**** DATA EXTRACTS ****

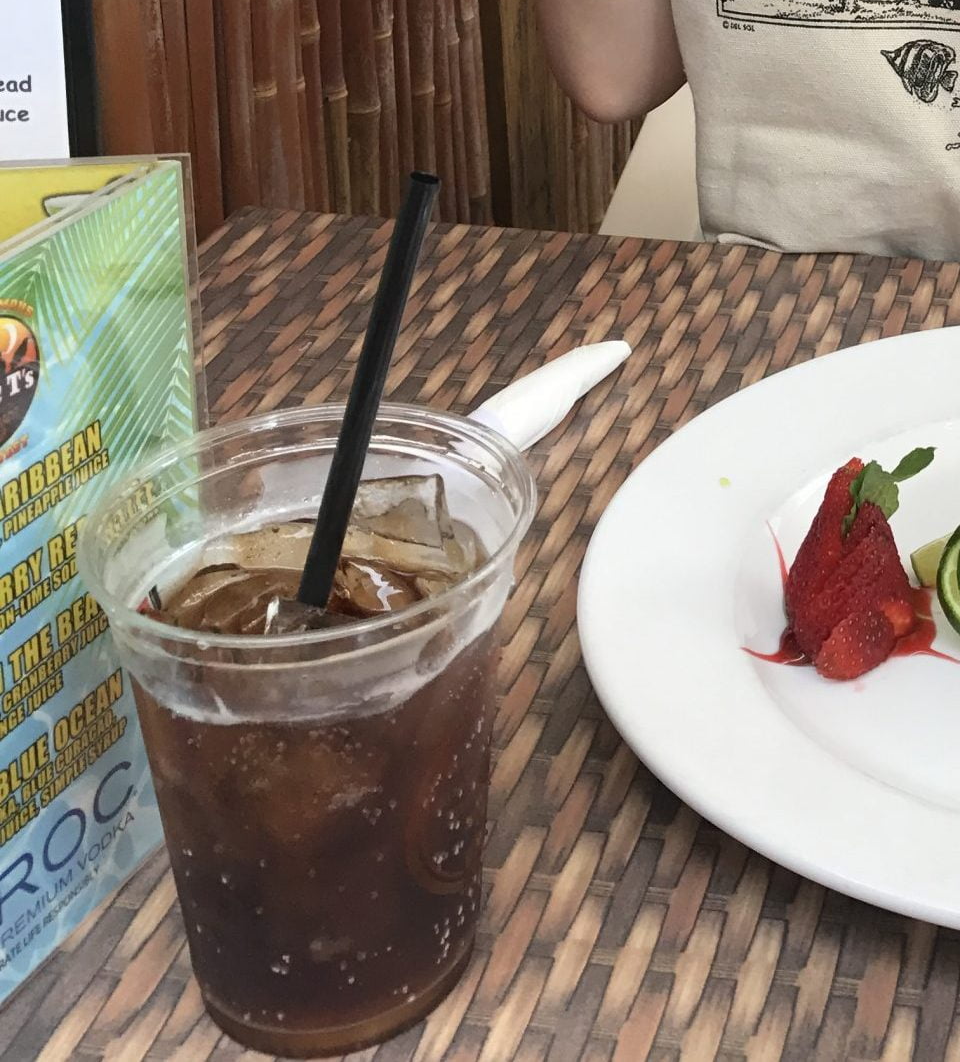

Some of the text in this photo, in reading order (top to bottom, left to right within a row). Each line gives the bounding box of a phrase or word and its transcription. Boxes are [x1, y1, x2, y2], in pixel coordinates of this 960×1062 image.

[743, 23, 755, 32] SOL
[7, 368, 34, 396] T's
[0, 419, 102, 519] RIBBEAN
[3, 474, 74, 541] PINEAPPLE
[73, 449, 109, 489] JUICE
[2, 635, 79, 714] CRANBERRY
[8, 623, 53, 684] THE
[26, 670, 64, 717] JUICE
[0, 667, 124, 803] BLUE OCEAN
[21, 761, 54, 805] BLUE
[40, 755, 87, 808] SIMPLE
[77, 811, 135, 870] VODKA
[23, 924, 41, 947] LIFE

****

TASK OBJECTIVE:
Please copy out the entries above exactly as they appear, but skip their images.

RESPONSE TO THIS EXERCISE:
Some of the text in this photo, in reading order (top to bottom, left to right within a row). Each line gives the bounding box of a phrase or word and its transcription. Boxes are [x1, y1, x2, y2], in pixel coordinates of this 960×1062 image.

[743, 23, 755, 32] SOL
[7, 368, 34, 396] T's
[0, 419, 102, 519] RIBBEAN
[3, 474, 74, 541] PINEAPPLE
[73, 449, 109, 489] JUICE
[2, 635, 79, 714] CRANBERRY
[8, 623, 53, 684] THE
[26, 670, 64, 717] JUICE
[0, 667, 124, 803] BLUE OCEAN
[21, 761, 54, 805] BLUE
[40, 755, 87, 808] SIMPLE
[77, 811, 135, 870] VODKA
[23, 924, 41, 947] LIFE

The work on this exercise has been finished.